Statistical analyses of histopathologic findings in the cochlea and spiral ganglion of 37 temporal bones with otosclerosis, 12 controls of similar age, and seven controls with normal hearing were performed. In temporal bones with otosclerosis there was significant atrophy of the spiral ligament and stria vascularis in regions with endosteal involvement by otosclerosis, compared with regions without endosteal involvement (P less than .0001). There was more generalized atrophy of the stria vascularis in cochleae with two or more sites of endosteal involvement by otosclerosis than in cochleae with only one site of endosteal involvement (P less than .02), cochleae in temporal bones with otosclerosis but without endosteal involvement (P less than .05), or cochleae of controls of similar age (P less than .007). In addition, there was more atrophy of the spiral ligament in cochleae with two or more sites of endosteal involvement than in cochleae of similar age from the control group (P less than .03). In temporal bones with otosclerosis, there was no significant difference in counts of outer hair cells and density of spiral ganglion cells between regions demonstrating endosteal involvement by otosclerosis and regions without such involvement.
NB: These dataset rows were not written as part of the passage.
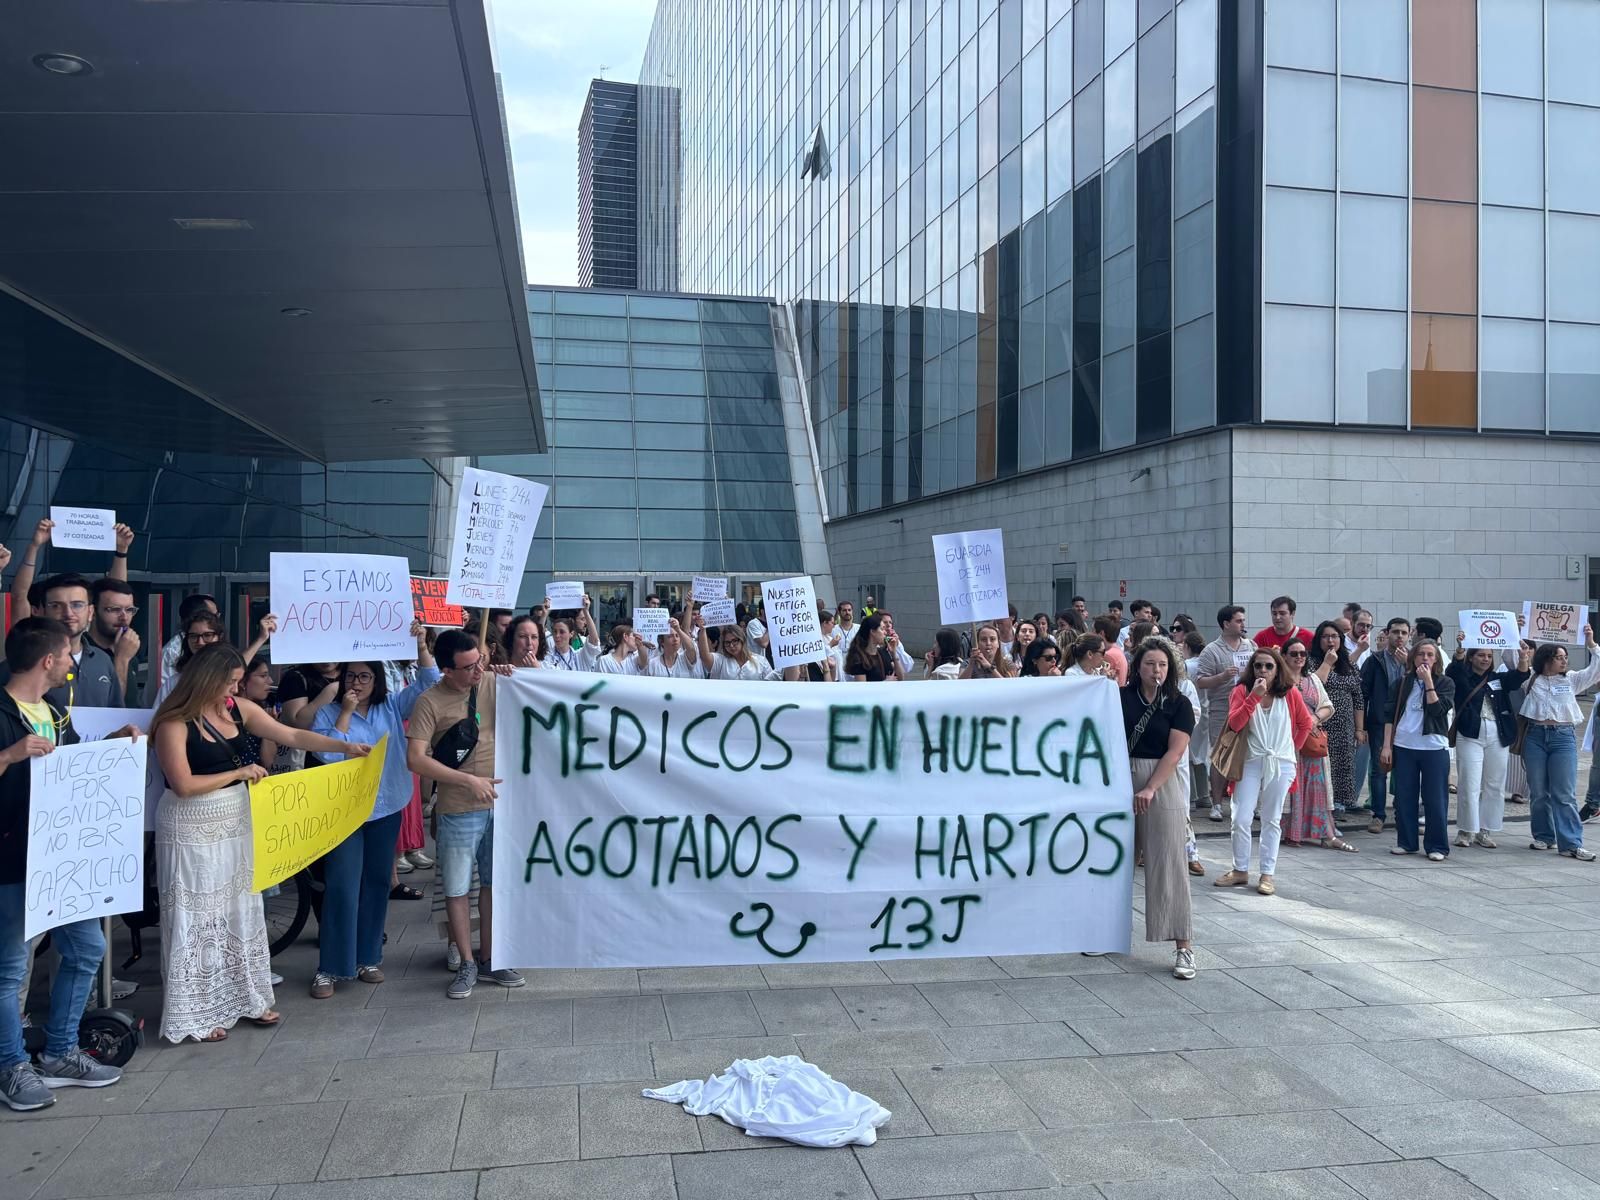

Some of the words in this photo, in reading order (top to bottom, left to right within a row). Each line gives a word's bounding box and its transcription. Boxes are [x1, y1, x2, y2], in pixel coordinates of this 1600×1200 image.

[945, 543, 993, 564] GUARDIA
[958, 567, 974, 580] DE
[974, 563, 991, 577] 24H
[1573, 561, 1581, 574] 3
[303, 569, 393, 593] ESTAMOS
[458, 584, 485, 600] TOTAL
[767, 587, 806, 600] NUESTRA
[774, 600, 807, 611] FATIGA
[959, 587, 1003, 608] COTIZADAS
[281, 599, 405, 633] AGOTADOS
[771, 615, 785, 625] TU
[791, 611, 813, 623] PEOR
[1536, 602, 1575, 613] HUELGA
[779, 624, 815, 637] ENEMIGA
[521, 680, 801, 778] MÉDICOS
[826, 703, 900, 773] EN
[915, 708, 1112, 786] HUELGA
[44, 747, 139, 787] HUELGA
[70, 774, 120, 808] POR
[271, 782, 310, 816] POR
[326, 767, 361, 801] UNA
[33, 796, 143, 836] DIGNIDAD
[265, 807, 342, 854] SANIDAD
[45, 832, 69, 856] NO
[523, 813, 802, 887] AGOTADOS
[837, 813, 879, 881] Y
[914, 811, 1130, 880] HARTOS
[27, 854, 138, 912] CAPRICHO
[868, 894, 982, 953] 13J
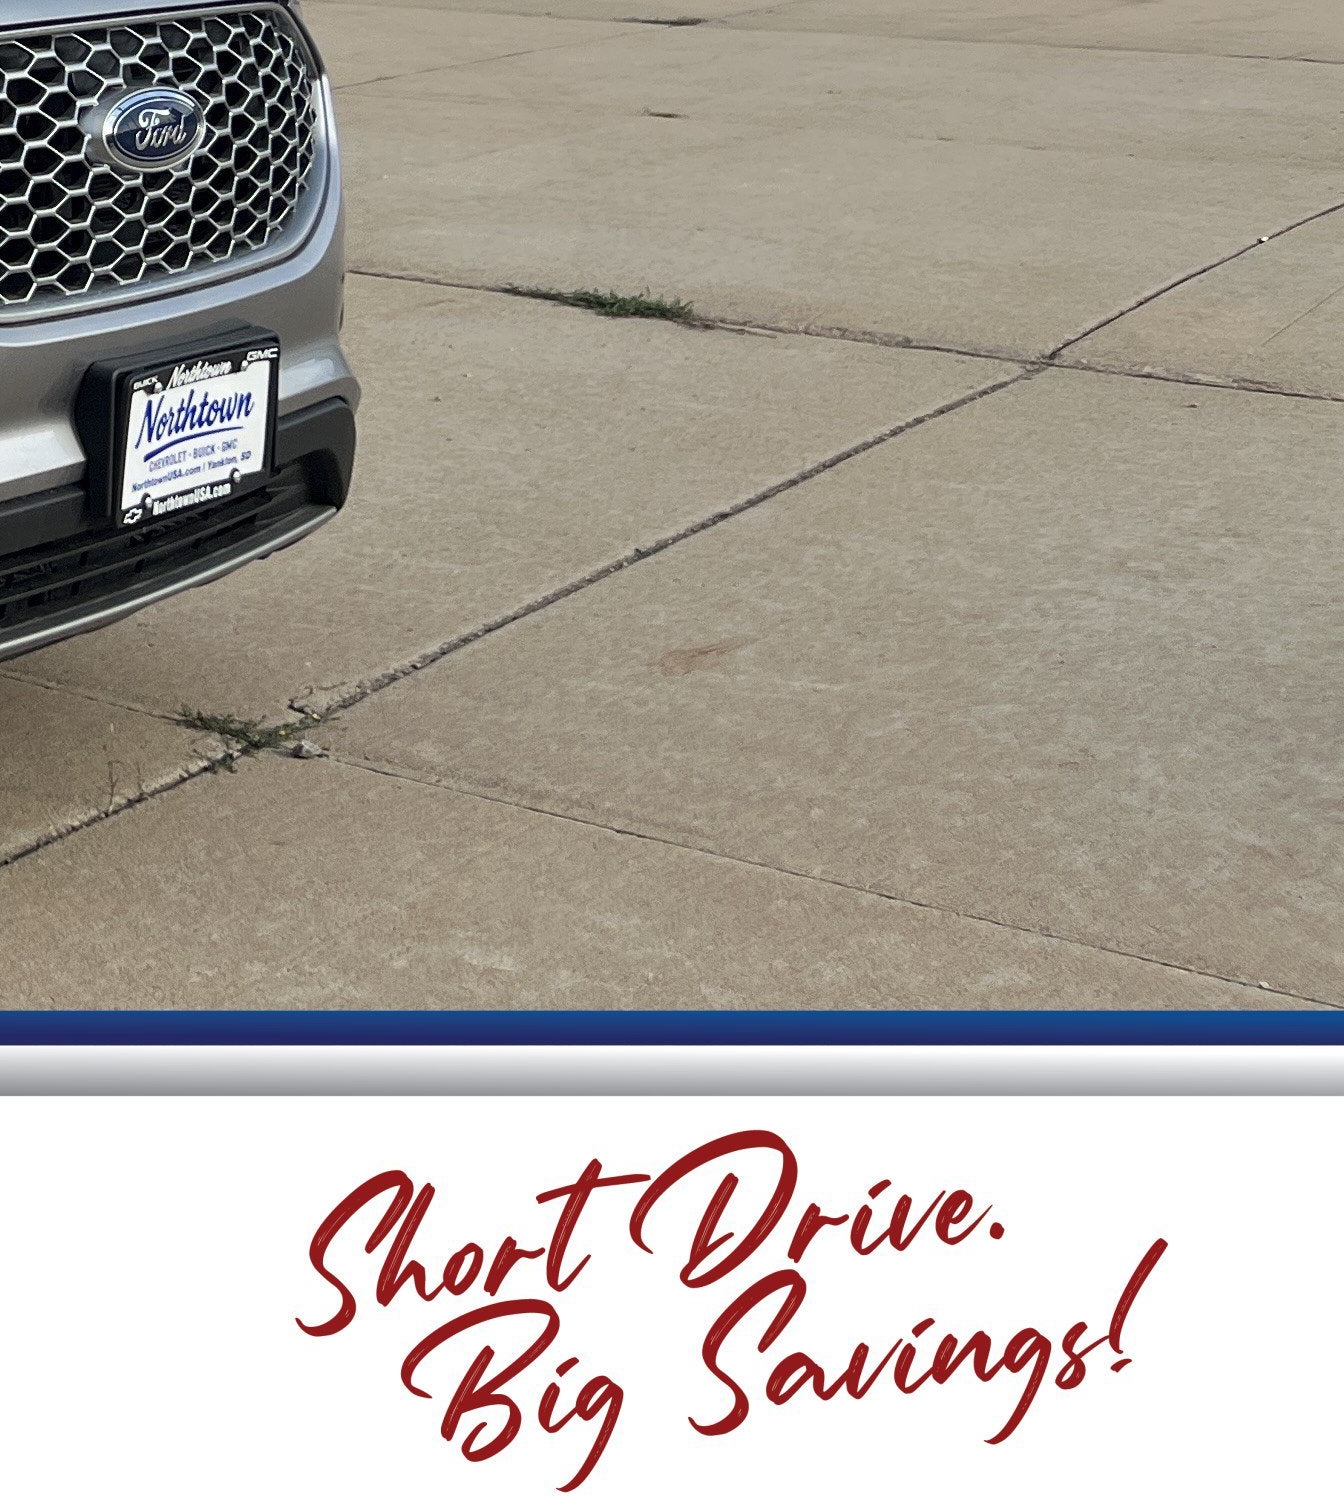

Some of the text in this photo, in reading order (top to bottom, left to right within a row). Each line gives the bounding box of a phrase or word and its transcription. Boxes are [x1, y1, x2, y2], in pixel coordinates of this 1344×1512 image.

[135, 108, 187, 151] Ford
[246, 347, 279, 362] GMC
[132, 375, 159, 390] BUICK
[166, 360, 233, 389] Northtown
[134, 388, 255, 449] Northtown
[131, 465, 202, 492] NorthtownUSA.com
[240, 450, 252, 462] SD
[148, 438, 238, 473] CHEVROLET BUICK GMC
[151, 482, 232, 516] NorthtownUSA.com
However, total outer hair cell counts were lower in cochleae with two or more sites of endosteal involvement of otosclerosis than in cochleae with one site of endosteal involvement (P less than .04), cochleae in temporal bones with otosclerosis but without endosteal involvement (P less than .02), or cochleae from individuals of similar age but without otosclerosis (P = .05). Comparison of the mean bone conduction threshold, as measured in life, in temporal bones with otosclerosis compared with the air conduction threshold in aged-matched controls, demonstrated that only cochleae with two or more sites of endosteal involvement had a mild but statistically significant (P = .05) decrease in hearing. There was no evidence to support the concept that otosclerotic foci without stapedial fixation frequently cause significant degeneration of the cochlea or elevation of bone conduction thresholds.